- [Exercise description] Restate every line of the data word for word, except for the images.

- [Items listed in a dataset]
---+---

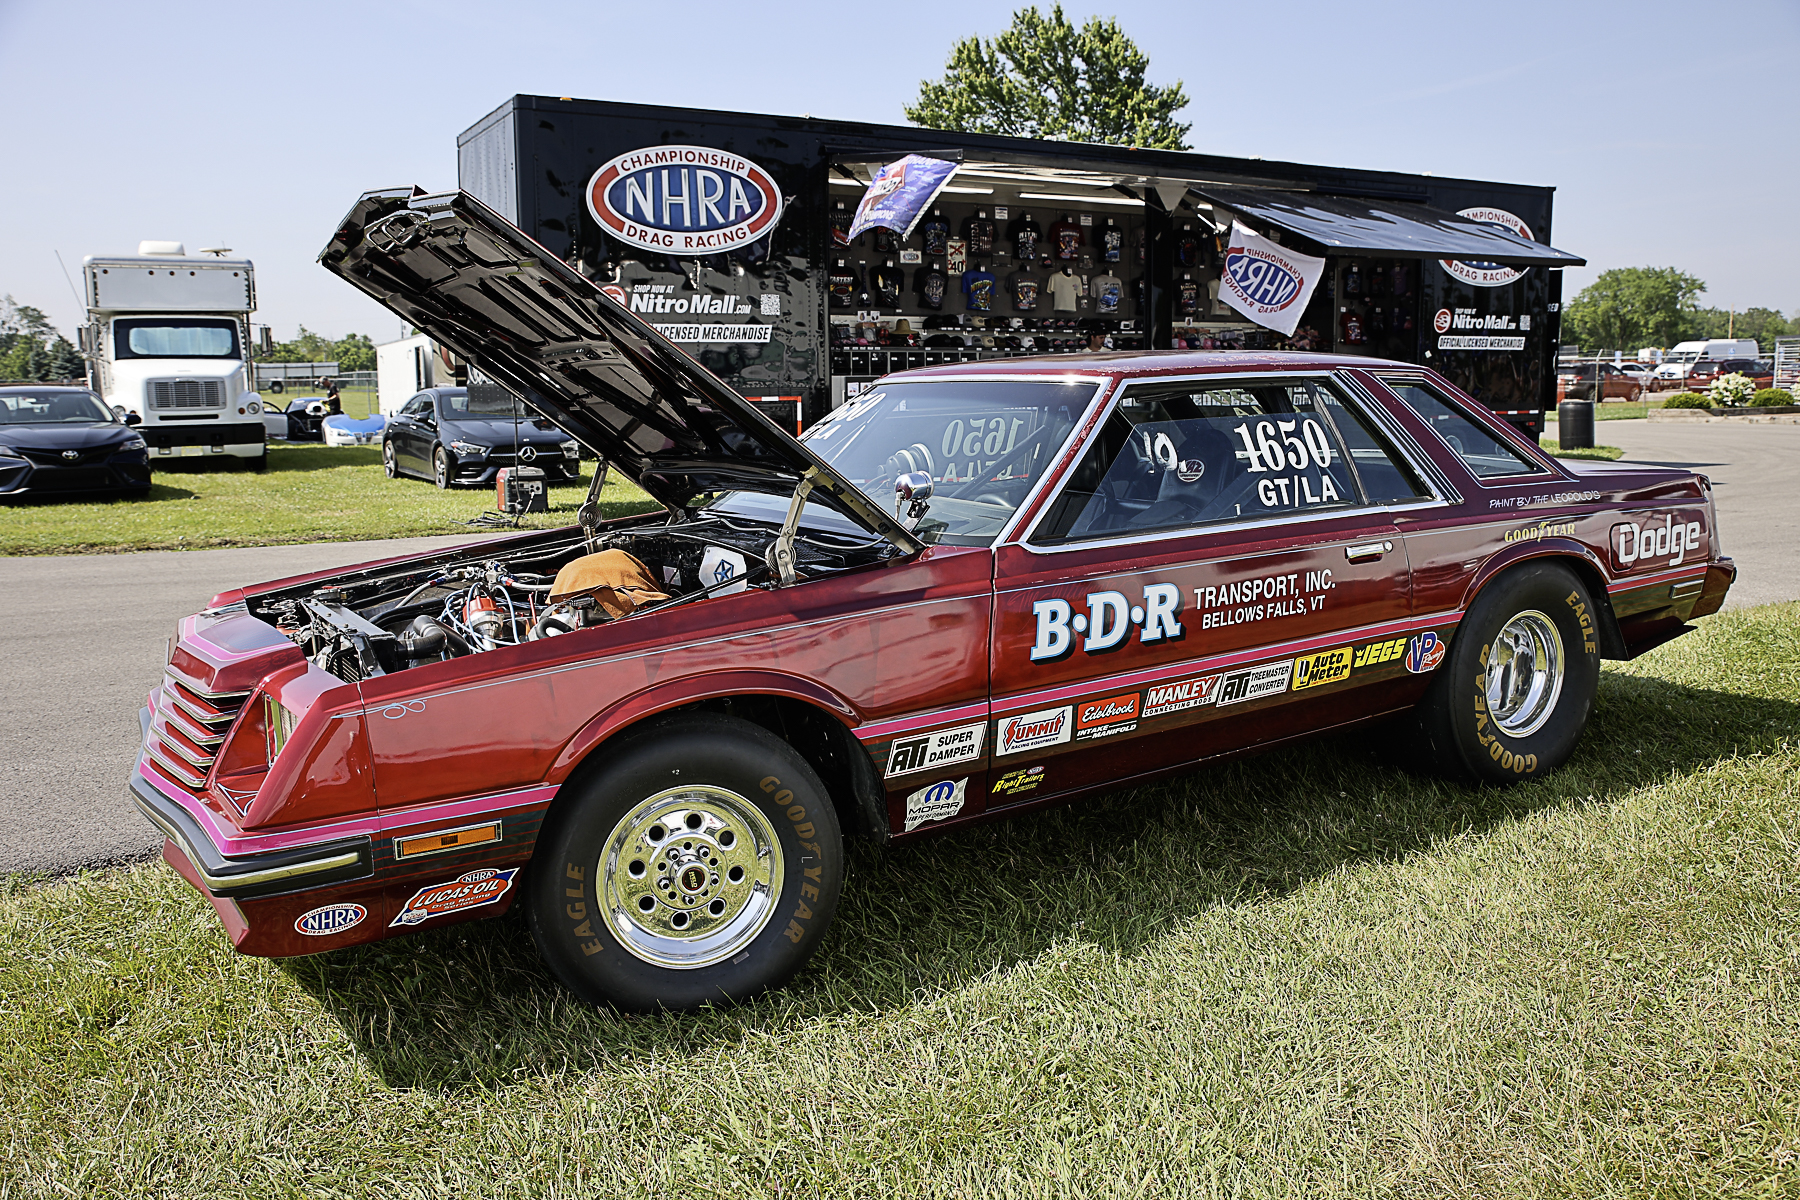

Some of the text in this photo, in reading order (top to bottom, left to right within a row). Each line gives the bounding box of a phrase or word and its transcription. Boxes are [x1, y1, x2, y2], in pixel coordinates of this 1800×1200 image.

[621, 150, 745, 172] CHAMPIONSHIP
[626, 168, 752, 227] NHRA
[1463, 211, 1519, 228] AMPIONSHIP
[626, 225, 747, 248] DRAG RACING
[1453, 263, 1477, 281] DRAG
[633, 284, 675, 294] SHOP NOW AT
[656, 326, 770, 340] ICENSED MERCHANDISE
[1439, 336, 1524, 349] OFFICIAL LICENSED MERCHANDISE
[1234, 419, 1331, 473] 1650
[1257, 475, 1339, 507] GT/LA
[1489, 490, 1601, 509] PAINT BY THE LEOPOLD'S
[1619, 513, 1700, 567] Dodge
[1193, 568, 1336, 610] TRANSPORT, INC.
[1202, 595, 1326, 630] BELLOWS FALLS, VT
[1565, 589, 1596, 654] EAGLE
[1311, 652, 1344, 670] Auto
[1353, 637, 1408, 667] JEGS
[1411, 632, 1438, 672] VP
[1251, 665, 1290, 682] TREEMASTER
[1309, 663, 1349, 682] Meter
[1146, 678, 1215, 707] MANLEY
[1220, 671, 1252, 702] ATI
[1249, 678, 1285, 694] CONVERTER
[1081, 699, 1135, 723] Edelbrock
[1144, 696, 1212, 716] CONNECTING RODS
[937, 731, 974, 747] SUPER
[1077, 724, 1109, 737] INTAKE
[1091, 724, 1137, 739] MANIFOLD
[1030, 736, 1059, 747] EQUIPMENT
[890, 736, 930, 773] ATI
[928, 744, 975, 763] DAMPER
[908, 801, 960, 815] MOPAR
[465, 871, 491, 883] NHRA
[413, 879, 500, 909] LUCAS OIL
[432, 892, 491, 909] Drag Racing
[307, 904, 354, 917] CHAMPIONSHIP
[443, 900, 475, 911] Series
[566, 862, 604, 957] EAGLE
[307, 909, 356, 929] NHRA
[329, 920, 358, 934] RACING

---+---

- [Solution below]
Some of the text in this photo, in reading order (top to bottom, left to right within a row). Each line gives the bounding box of a phrase or word and its transcription. Boxes are [x1, y1, x2, y2], in pixel coordinates of this 1800×1200 image.

[621, 150, 745, 172] CHAMPIONSHIP
[626, 168, 752, 227] NHRA
[1463, 211, 1519, 228] AMPIONSHIP
[626, 225, 747, 248] DRAG RACING
[1453, 263, 1477, 281] DRAG
[633, 284, 675, 294] SHOP NOW AT
[656, 326, 770, 340] ICENSED MERCHANDISE
[1439, 336, 1524, 349] OFFICIAL LICENSED MERCHANDISE
[1234, 419, 1331, 473] 1650
[1257, 475, 1339, 507] GT/LA
[1489, 490, 1601, 509] PAINT BY THE LEOPOLD'S
[1619, 513, 1700, 567] Dodge
[1193, 568, 1336, 610] TRANSPORT, INC.
[1202, 595, 1326, 630] BELLOWS FALLS, VT
[1565, 589, 1596, 654] EAGLE
[1311, 652, 1344, 670] Auto
[1353, 637, 1408, 667] JEGS
[1411, 632, 1438, 672] VP
[1251, 665, 1290, 682] TREEMASTER
[1309, 663, 1349, 682] Meter
[1146, 678, 1215, 707] MANLEY
[1220, 671, 1252, 702] ATI
[1249, 678, 1285, 694] CONVERTER
[1081, 699, 1135, 723] Edelbrock
[1144, 696, 1212, 716] CONNECTING RODS
[937, 731, 974, 747] SUPER
[1077, 724, 1109, 737] INTAKE
[1091, 724, 1137, 739] MANIFOLD
[1030, 736, 1059, 747] EQUIPMENT
[890, 736, 930, 773] ATI
[928, 744, 975, 763] DAMPER
[908, 801, 960, 815] MOPAR
[465, 871, 491, 883] NHRA
[413, 879, 500, 909] LUCAS OIL
[432, 892, 491, 909] Drag Racing
[307, 904, 354, 917] CHAMPIONSHIP
[443, 900, 475, 911] Series
[566, 862, 604, 957] EAGLE
[307, 909, 356, 929] NHRA
[329, 920, 358, 934] RACING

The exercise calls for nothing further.